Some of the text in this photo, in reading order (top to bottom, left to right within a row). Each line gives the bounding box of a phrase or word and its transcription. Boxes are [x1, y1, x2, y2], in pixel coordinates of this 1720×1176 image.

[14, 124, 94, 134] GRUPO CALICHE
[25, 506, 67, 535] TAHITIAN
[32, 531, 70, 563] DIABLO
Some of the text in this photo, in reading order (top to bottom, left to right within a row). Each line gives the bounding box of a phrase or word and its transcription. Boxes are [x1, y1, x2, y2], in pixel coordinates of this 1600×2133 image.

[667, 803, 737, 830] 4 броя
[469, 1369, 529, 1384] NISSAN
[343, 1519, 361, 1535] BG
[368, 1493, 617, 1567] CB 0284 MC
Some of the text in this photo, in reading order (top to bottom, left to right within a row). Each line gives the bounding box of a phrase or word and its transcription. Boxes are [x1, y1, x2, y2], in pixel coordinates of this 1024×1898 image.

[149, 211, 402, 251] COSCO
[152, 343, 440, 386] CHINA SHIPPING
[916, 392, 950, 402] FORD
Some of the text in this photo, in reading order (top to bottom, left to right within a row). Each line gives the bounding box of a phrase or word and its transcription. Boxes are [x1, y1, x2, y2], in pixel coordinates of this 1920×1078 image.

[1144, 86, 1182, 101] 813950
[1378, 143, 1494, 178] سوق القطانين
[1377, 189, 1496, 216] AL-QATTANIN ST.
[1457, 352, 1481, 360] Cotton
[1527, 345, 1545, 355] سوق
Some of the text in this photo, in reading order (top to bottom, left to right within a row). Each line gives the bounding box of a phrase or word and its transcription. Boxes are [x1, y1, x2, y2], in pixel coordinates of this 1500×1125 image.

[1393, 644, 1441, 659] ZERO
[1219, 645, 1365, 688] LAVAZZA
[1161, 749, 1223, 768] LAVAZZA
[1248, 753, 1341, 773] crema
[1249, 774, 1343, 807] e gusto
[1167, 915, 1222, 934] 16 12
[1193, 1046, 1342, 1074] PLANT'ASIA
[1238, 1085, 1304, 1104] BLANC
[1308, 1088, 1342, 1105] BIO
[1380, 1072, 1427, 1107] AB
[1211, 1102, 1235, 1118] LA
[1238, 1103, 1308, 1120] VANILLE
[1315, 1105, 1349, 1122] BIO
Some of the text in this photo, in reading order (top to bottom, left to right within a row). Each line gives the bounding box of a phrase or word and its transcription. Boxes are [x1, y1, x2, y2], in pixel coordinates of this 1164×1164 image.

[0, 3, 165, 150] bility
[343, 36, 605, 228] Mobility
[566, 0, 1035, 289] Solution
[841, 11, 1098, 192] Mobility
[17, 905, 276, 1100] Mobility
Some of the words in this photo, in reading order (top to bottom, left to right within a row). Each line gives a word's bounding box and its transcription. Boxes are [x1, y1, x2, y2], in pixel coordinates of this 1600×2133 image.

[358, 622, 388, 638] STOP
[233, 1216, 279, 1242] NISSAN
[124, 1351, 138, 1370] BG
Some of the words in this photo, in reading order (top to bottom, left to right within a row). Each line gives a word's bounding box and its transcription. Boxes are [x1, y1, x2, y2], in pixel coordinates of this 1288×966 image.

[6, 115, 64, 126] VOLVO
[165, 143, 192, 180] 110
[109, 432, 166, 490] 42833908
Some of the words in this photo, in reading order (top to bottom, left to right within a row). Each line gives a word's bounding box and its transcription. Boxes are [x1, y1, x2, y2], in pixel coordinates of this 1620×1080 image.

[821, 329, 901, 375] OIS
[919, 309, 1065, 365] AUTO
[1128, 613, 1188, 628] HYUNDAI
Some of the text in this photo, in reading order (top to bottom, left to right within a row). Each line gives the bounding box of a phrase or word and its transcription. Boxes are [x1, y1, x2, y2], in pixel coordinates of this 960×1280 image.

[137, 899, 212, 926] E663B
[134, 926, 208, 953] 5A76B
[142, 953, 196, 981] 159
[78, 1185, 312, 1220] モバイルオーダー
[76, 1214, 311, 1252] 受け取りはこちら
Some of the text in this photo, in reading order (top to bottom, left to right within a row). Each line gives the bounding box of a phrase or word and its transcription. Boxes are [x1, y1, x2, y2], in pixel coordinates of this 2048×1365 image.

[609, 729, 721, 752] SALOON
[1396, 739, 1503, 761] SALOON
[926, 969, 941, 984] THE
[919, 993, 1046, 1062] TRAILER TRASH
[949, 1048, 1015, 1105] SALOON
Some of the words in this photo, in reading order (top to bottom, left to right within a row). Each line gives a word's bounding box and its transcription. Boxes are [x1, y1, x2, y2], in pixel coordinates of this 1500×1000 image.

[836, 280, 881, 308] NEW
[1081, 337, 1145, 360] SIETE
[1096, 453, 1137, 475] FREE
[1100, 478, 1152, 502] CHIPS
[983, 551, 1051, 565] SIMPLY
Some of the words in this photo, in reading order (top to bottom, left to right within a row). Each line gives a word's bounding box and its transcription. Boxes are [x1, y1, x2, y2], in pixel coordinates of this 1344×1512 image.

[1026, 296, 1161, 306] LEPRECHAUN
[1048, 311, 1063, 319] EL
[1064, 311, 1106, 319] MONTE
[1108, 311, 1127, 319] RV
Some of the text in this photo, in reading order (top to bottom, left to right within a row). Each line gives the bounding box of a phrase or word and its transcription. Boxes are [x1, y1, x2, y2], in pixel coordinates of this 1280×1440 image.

--- Exercise requirements ---
Could each line above be retyped exactly?

--- Answer to this exercise ---
Some of the text in this photo, in reading order (top to bottom, left to right within a row). Each line gives the bounding box of a phrase or word and its transcription. Boxes are [x1, y1, x2, y2], in pixel coordinates of this 1720×1176 image.

[14, 124, 94, 134] GRUPO CALICHE
[25, 506, 67, 535] TAHITIAN
[32, 531, 70, 563] DIABLO
Some of the text in this photo, in reading order (top to bottom, left to right within a row). Each line gives the bounding box of a phrase or word and its transcription. Boxes are [x1, y1, x2, y2], in pixel coordinates of this 1600×2133 image.

[667, 803, 737, 830] 4 броя
[469, 1369, 529, 1384] NISSAN
[343, 1519, 361, 1535] BG
[368, 1493, 617, 1567] CB 0284 MC
Some of the text in this photo, in reading order (top to bottom, left to right within a row). Each line gives the bounding box of a phrase or word and its transcription. Boxes are [x1, y1, x2, y2], in pixel coordinates of this 1024×1898 image.

[149, 211, 402, 251] COSCO
[152, 343, 440, 386] CHINA SHIPPING
[916, 392, 950, 402] FORD
Some of the text in this photo, in reading order (top to bottom, left to right within a row). Each line gives the bounding box of a phrase or word and its transcription. Boxes are [x1, y1, x2, y2], in pixel coordinates of this 1920×1078 image.

[1144, 86, 1182, 101] 813950
[1378, 143, 1494, 178] سوق القطانين
[1377, 189, 1496, 216] AL-QATTANIN ST.
[1457, 352, 1481, 360] Cotton
[1527, 345, 1545, 355] سوق
Some of the text in this photo, in reading order (top to bottom, left to right within a row). Each line gives the bounding box of a phrase or word and its transcription. Boxes are [x1, y1, x2, y2], in pixel coordinates of this 1500×1125 image.

[1393, 644, 1441, 659] ZERO
[1219, 645, 1365, 688] LAVAZZA
[1161, 749, 1223, 768] LAVAZZA
[1248, 753, 1341, 773] crema
[1249, 774, 1343, 807] e gusto
[1167, 915, 1222, 934] 16 12
[1193, 1046, 1342, 1074] PLANT'ASIA
[1238, 1085, 1304, 1104] BLANC
[1308, 1088, 1342, 1105] BIO
[1380, 1072, 1427, 1107] AB
[1211, 1102, 1235, 1118] LA
[1238, 1103, 1308, 1120] VANILLE
[1315, 1105, 1349, 1122] BIO
Some of the text in this photo, in reading order (top to bottom, left to right within a row). Each line gives the bounding box of a phrase or word and its transcription. Boxes are [x1, y1, x2, y2], in pixel coordinates of this 1164×1164 image.

[0, 3, 165, 150] bility
[343, 36, 605, 228] Mobility
[566, 0, 1035, 289] Solution
[841, 11, 1098, 192] Mobility
[17, 905, 276, 1100] Mobility
Some of the words in this photo, in reading order (top to bottom, left to right within a row). Each line gives a word's bounding box and its transcription. Boxes are [x1, y1, x2, y2], in pixel coordinates of this 1600×2133 image.

[358, 622, 388, 638] STOP
[233, 1216, 279, 1242] NISSAN
[124, 1351, 138, 1370] BG
Some of the words in this photo, in reading order (top to bottom, left to right within a row). Each line gives a word's bounding box and its transcription. Boxes are [x1, y1, x2, y2], in pixel coordinates of this 1288×966 image.

[6, 115, 64, 126] VOLVO
[165, 143, 192, 180] 110
[109, 432, 166, 490] 42833908
Some of the words in this photo, in reading order (top to bottom, left to right within a row). Each line gives a word's bounding box and its transcription. Boxes are [x1, y1, x2, y2], in pixel coordinates of this 1620×1080 image.

[821, 329, 901, 375] OIS
[919, 309, 1065, 365] AUTO
[1128, 613, 1188, 628] HYUNDAI
Some of the text in this photo, in reading order (top to bottom, left to right within a row). Each line gives the bounding box of a phrase or word and its transcription. Boxes are [x1, y1, x2, y2], in pixel coordinates of this 960×1280 image.

[137, 899, 212, 926] E663B
[134, 926, 208, 953] 5A76B
[142, 953, 196, 981] 159
[78, 1185, 312, 1220] モバイルオーダー
[76, 1214, 311, 1252] 受け取りはこちら
Some of the text in this photo, in reading order (top to bottom, left to right within a row). Each line gives the bounding box of a phrase or word and its transcription. Boxes are [x1, y1, x2, y2], in pixel coordinates of this 2048×1365 image.

[609, 729, 721, 752] SALOON
[1396, 739, 1503, 761] SALOON
[926, 969, 941, 984] THE
[919, 993, 1046, 1062] TRAILER TRASH
[949, 1048, 1015, 1105] SALOON
Some of the words in this photo, in reading order (top to bottom, left to right within a row). Each line gives a word's bounding box and its transcription. Boxes are [x1, y1, x2, y2], in pixel coordinates of this 1500×1000 image.

[836, 280, 881, 308] NEW
[1081, 337, 1145, 360] SIETE
[1096, 453, 1137, 475] FREE
[1100, 478, 1152, 502] CHIPS
[983, 551, 1051, 565] SIMPLY
Some of the words in this photo, in reading order (top to bottom, left to right within a row). Each line gives a word's bounding box and its transcription. Boxes are [x1, y1, x2, y2], in pixel coordinates of this 1344×1512 image.

[1026, 296, 1161, 306] LEPRECHAUN
[1048, 311, 1063, 319] EL
[1064, 311, 1106, 319] MONTE
[1108, 311, 1127, 319] RV
Some of the text in this photo, in reading order (top to bottom, left to right within a row). Each line gives the bounding box of a phrase or word and its transcription. Boxes are [x1, y1, x2, y2], in pixel coordinates of this 1280×1440 image.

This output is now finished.